Osteoarthritis (OA) is a complex disease characterised by involvement of multiple tissues in the synovial joint. It is a leading cause of pain and disability in older adults. It has long been hypothesised that subchondral bone plays an important role in the development and progression of the disease. This thesis aims to investigate how subchondral bone measures of the knee such as subchondral bone mineral density (sBMD), bone size, and bone marrow lesions (BMLs) are associated with important disease outcomes in OA.
A population-based sample of older adults aged 50–80 years (51% female; mean age 62 years) participated at baseline and approximately 3.0 years later. sBMD was assessed using dual-energy x-ray absorptiometry (DXA). Cartilage volume, cartilage defects, bone area, and BMLs were determined using magnetic resonance imaging (MRI).
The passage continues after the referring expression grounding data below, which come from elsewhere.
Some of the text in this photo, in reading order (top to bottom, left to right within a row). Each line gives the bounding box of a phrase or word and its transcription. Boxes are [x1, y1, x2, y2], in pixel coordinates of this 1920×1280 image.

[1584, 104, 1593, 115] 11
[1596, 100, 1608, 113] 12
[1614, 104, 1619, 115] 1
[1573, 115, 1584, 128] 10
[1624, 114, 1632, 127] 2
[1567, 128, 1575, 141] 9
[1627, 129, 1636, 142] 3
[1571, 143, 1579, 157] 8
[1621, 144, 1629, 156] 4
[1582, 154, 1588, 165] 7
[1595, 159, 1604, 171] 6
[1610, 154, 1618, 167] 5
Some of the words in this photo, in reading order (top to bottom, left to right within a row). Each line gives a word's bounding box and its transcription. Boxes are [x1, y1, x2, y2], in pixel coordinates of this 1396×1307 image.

X-ray was used to assess radiographic osteoarthritis [joint space narrowing (JSN) and osteophytes]. Blood samples were collected to assess vitamin D and high-density lipoprotein (HDL) cholesterol. Multiple questionnaires were used to assess pain, function, dietary intake, physical activity, sun exposure, and total knee replacement surgery.
The first study examined the cross-sectional correlates of sBMD and found that many factors were associated with sBMD including age, sex, body mass index (BMI), vitamin D, sun exposure, physical activity, and knee structural measures. The most novel structural measure was cartilage defects and a longitudinal study was required to address causality.
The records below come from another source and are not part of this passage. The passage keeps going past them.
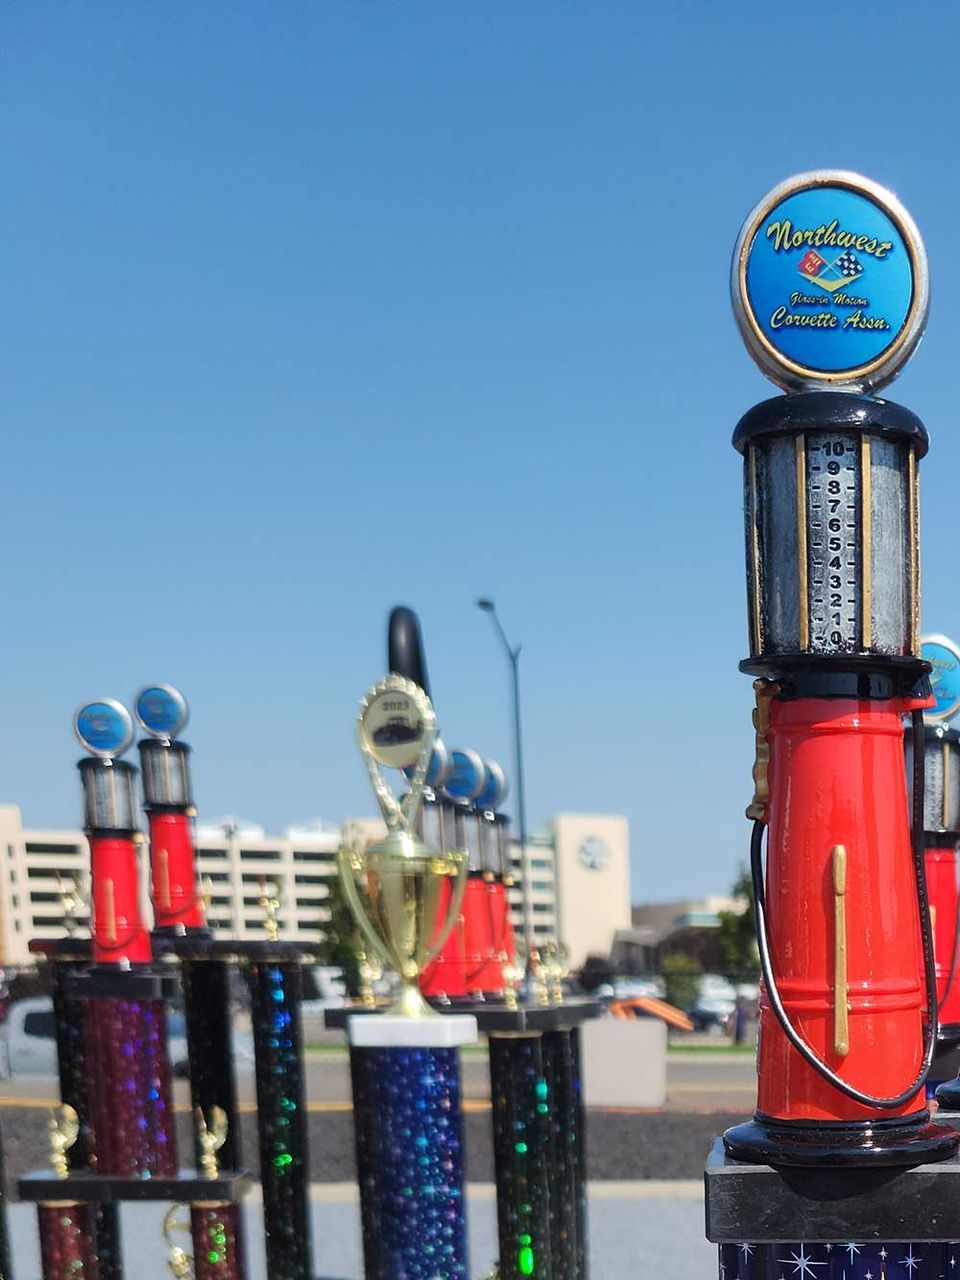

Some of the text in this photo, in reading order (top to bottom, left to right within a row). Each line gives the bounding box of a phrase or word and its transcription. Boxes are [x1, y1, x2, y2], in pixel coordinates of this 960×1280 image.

[766, 220, 892, 257] Northwest
[833, 293, 868, 305] Motion
[770, 306, 890, 329] Corvette Assn.
[822, 441, 845, 456] 10
[827, 461, 840, 475] 9
[827, 481, 841, 494] 8
[828, 499, 841, 513] 7
[828, 518, 841, 532] 6
[829, 538, 841, 551] 5
[829, 556, 842, 570] 4
[829, 575, 842, 589] 3
[830, 594, 842, 607] 2
[831, 613, 842, 626] 1
[830, 631, 842, 645] 0
In the second study, bone area at baseline predicted cartilage defect development and cartilage volume loss. Baseline sBMD predicted cartilage defect development, which confirmed the cross-sectional findings above. These associations were independent of each other, indicating there are multiple mechanisms by which subchondral bone may lead to cartilage damage.
In the third and fourth study, 43% of participants presented with a BML at baseline with 25% improving in size and 24% worsening in size over time. Baseline BMLs predicted cartilage defect development and cartilage volume loss, suggesting BMLs may have a local effect on cartilage homeostasis. Baseline cartilage defects predicted BML progression, which may represent increased bone loading adjacent to defects. These results suggest BMLs and cartilage defects are interconnected and play key roles in knee cartilage volume loss; thus, both should be considered targets for intervention. BMLs also predicted total knee replacement surgery. A change in BML size was associated with a change in pain, only in those participants without radiographic osteoarthritis. Importantly a decrease in BML size was associated with a decrease in pain.
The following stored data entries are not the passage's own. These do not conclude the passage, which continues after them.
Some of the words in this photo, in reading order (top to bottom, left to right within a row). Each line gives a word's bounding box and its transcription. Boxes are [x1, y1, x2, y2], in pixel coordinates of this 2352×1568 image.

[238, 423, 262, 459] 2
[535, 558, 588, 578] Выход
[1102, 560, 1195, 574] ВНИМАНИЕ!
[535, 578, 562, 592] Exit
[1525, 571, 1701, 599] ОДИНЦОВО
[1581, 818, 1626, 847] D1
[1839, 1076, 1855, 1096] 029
In the final study, baseline energy, carbohydrate and sugar intake (but not fat) were positively associated with a change in BML size. Baseline HDL cholesterol was negatively associated with BML change.
In conclusion, this series of related studies indicate that subchondral bone plays a significant role in OA pathogenesis. Features of the subchondral bone contribute to knee pain and predict important disease outcomes such as cartilage loss and joint replacement surgery. This suggests that subchondral bone is an attractive target for therapeutic intervention in OA. Future work should consider subchondral bone treatments when developing disease-modifying OA drugs (DMOADs).